-- TASK OBJECTIVE --
Leave out the pictures and return every entry exactly as it appears.

-- DATASET --
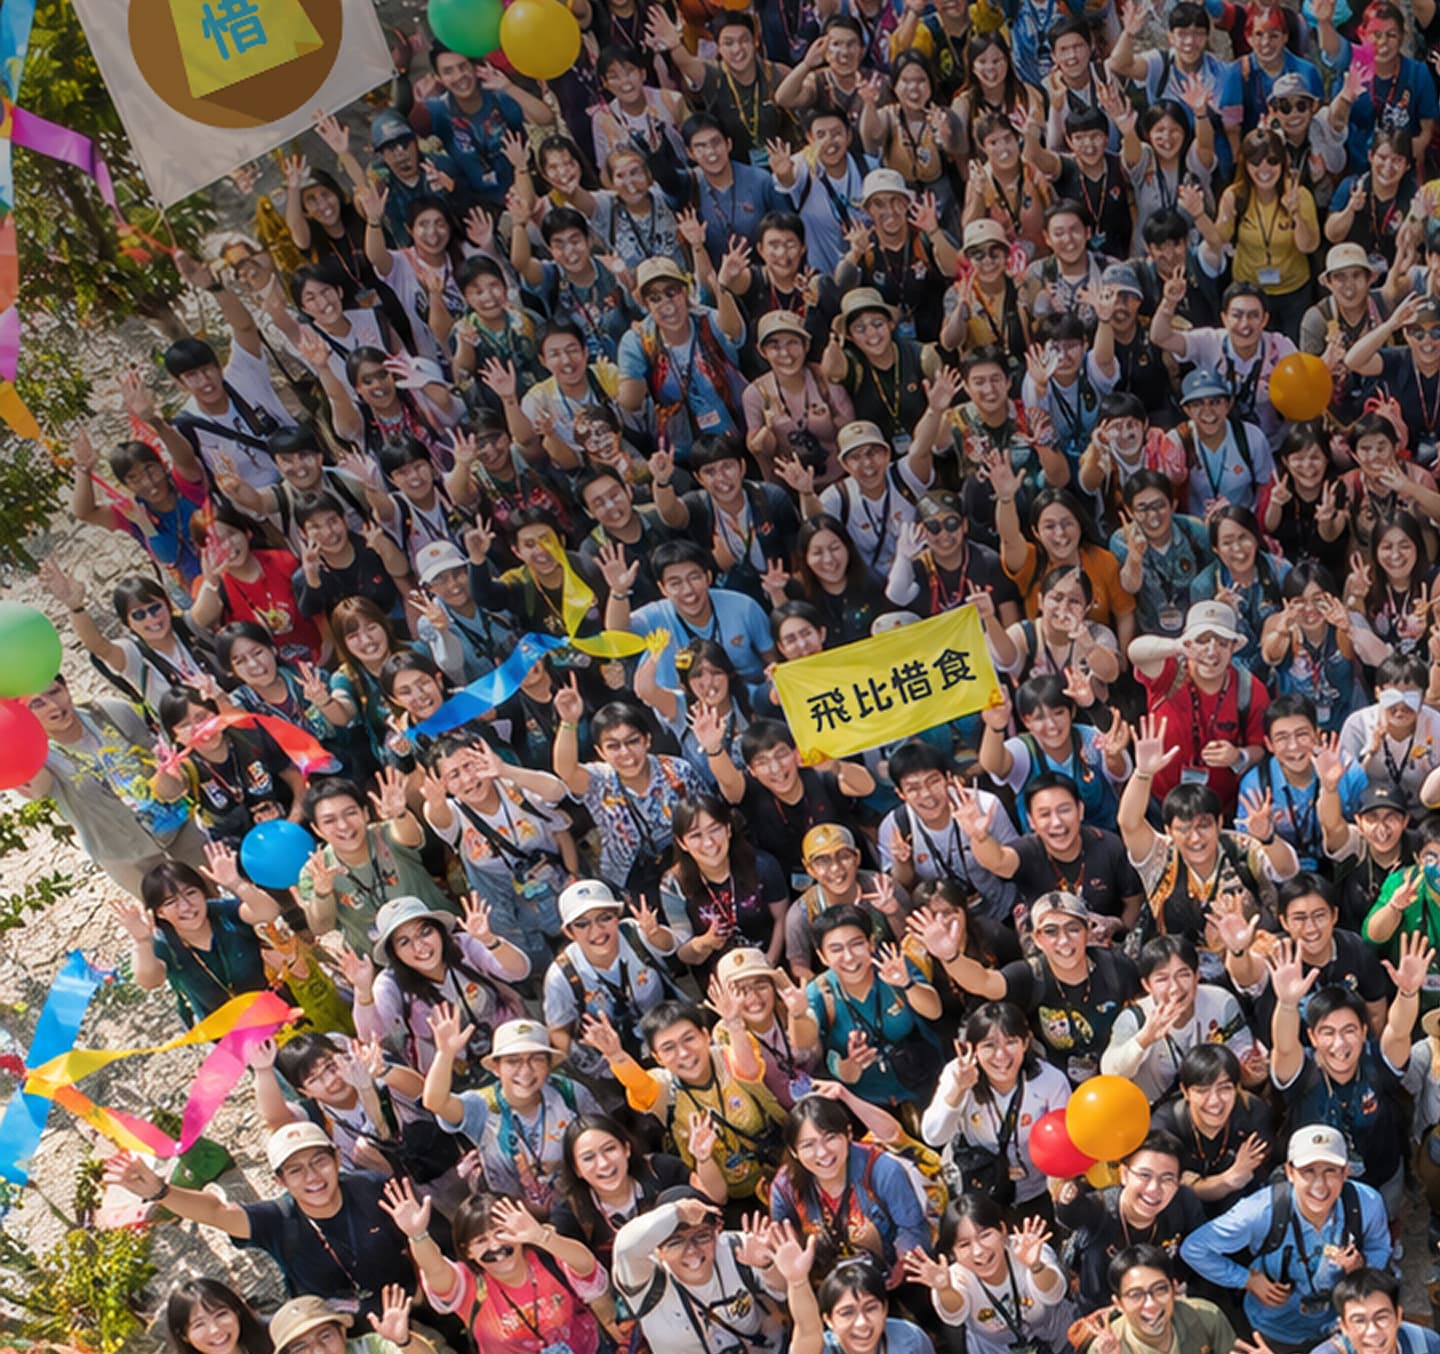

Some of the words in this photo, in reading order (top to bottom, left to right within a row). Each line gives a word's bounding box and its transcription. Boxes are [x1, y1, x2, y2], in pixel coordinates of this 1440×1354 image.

[201, 0, 268, 60] 惜
[806, 648, 977, 733] 飛比惜食
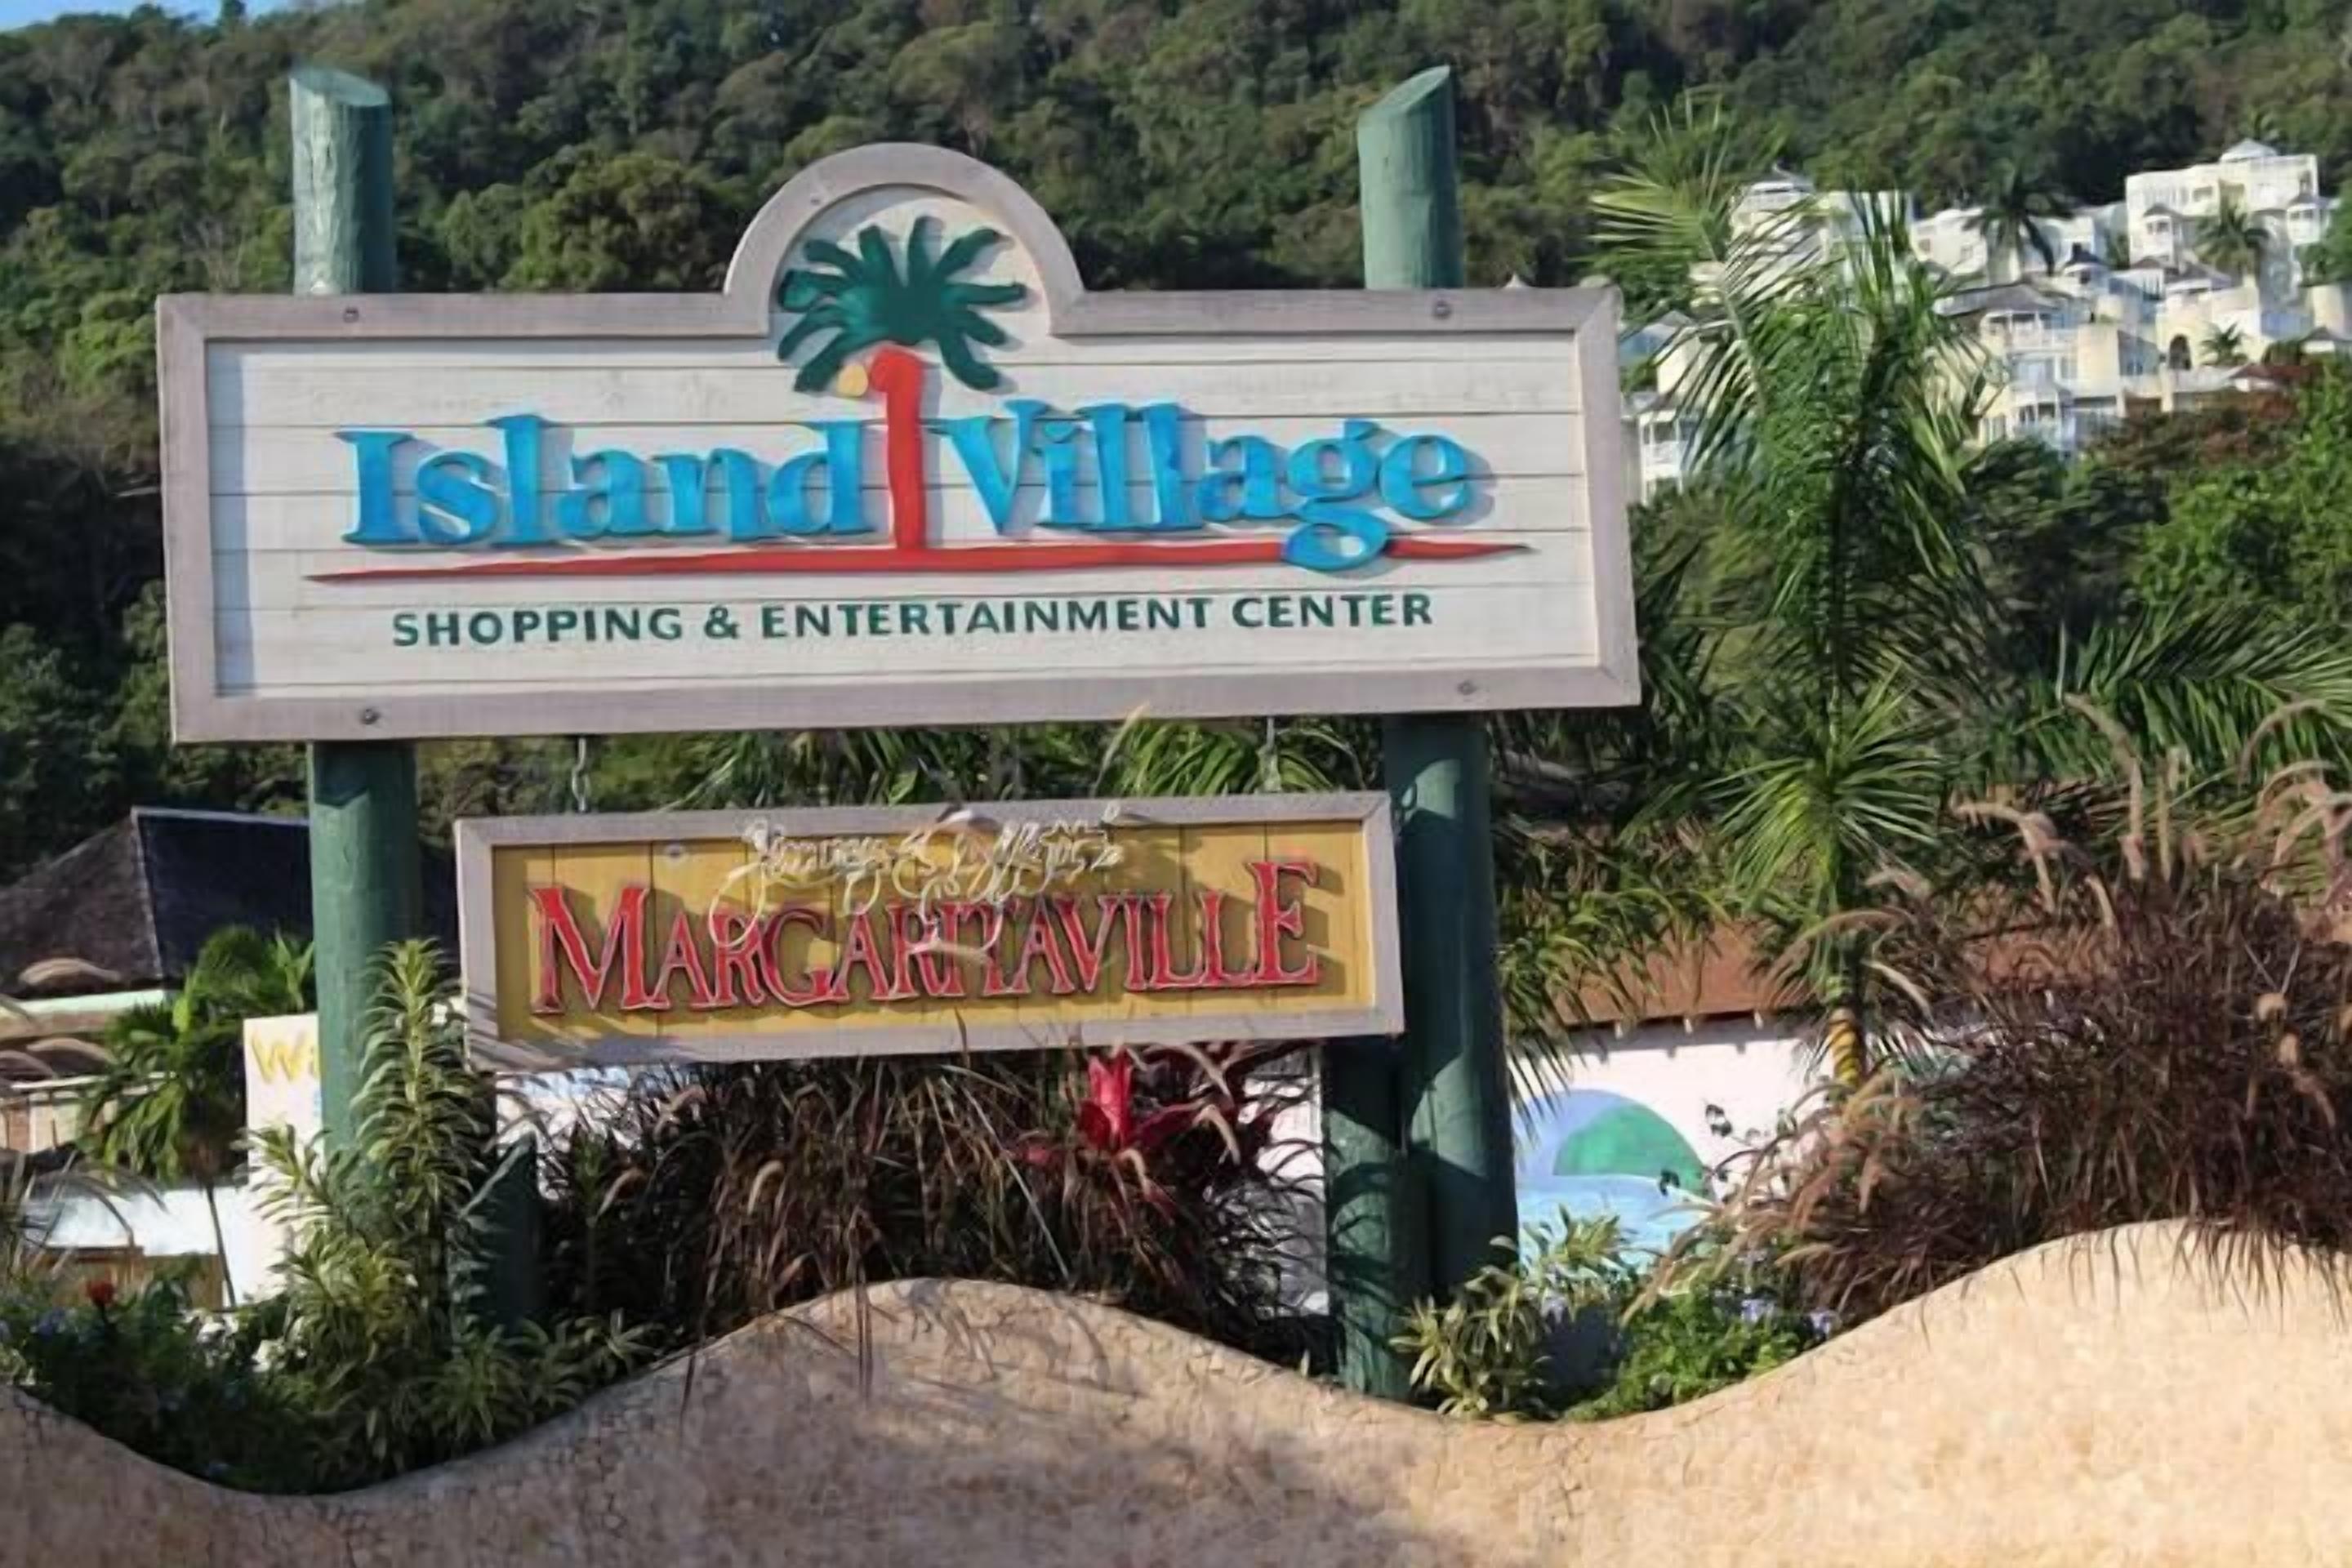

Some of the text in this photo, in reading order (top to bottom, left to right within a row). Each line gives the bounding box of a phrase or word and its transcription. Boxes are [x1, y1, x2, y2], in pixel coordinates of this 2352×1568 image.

[333, 399, 1468, 571] Island Village
[392, 592, 1434, 648] SHOPPING & ENTERTAINMENT CENTER
[527, 862, 1319, 1015] MARGARITAVILLE

-- SOLUTION TO THE EXERCISE --
Some of the words in this photo, in reading order (top to bottom, left to right within a row). Each line gives a word's bounding box and its transcription. Boxes are [x1, y1, x2, y2], in pixel coordinates of this 1440×1354 image.

[201, 0, 268, 60] 惜
[806, 648, 977, 733] 飛比惜食

Some of the text in this photo, in reading order (top to bottom, left to right within a row). Each line gives the bounding box of a phrase or word and its transcription. Boxes are [x1, y1, x2, y2], in pixel coordinates of this 2352×1568 image.

[333, 399, 1468, 571] Island Village
[392, 592, 1434, 648] SHOPPING & ENTERTAINMENT CENTER
[527, 862, 1319, 1015] MARGARITAVILLE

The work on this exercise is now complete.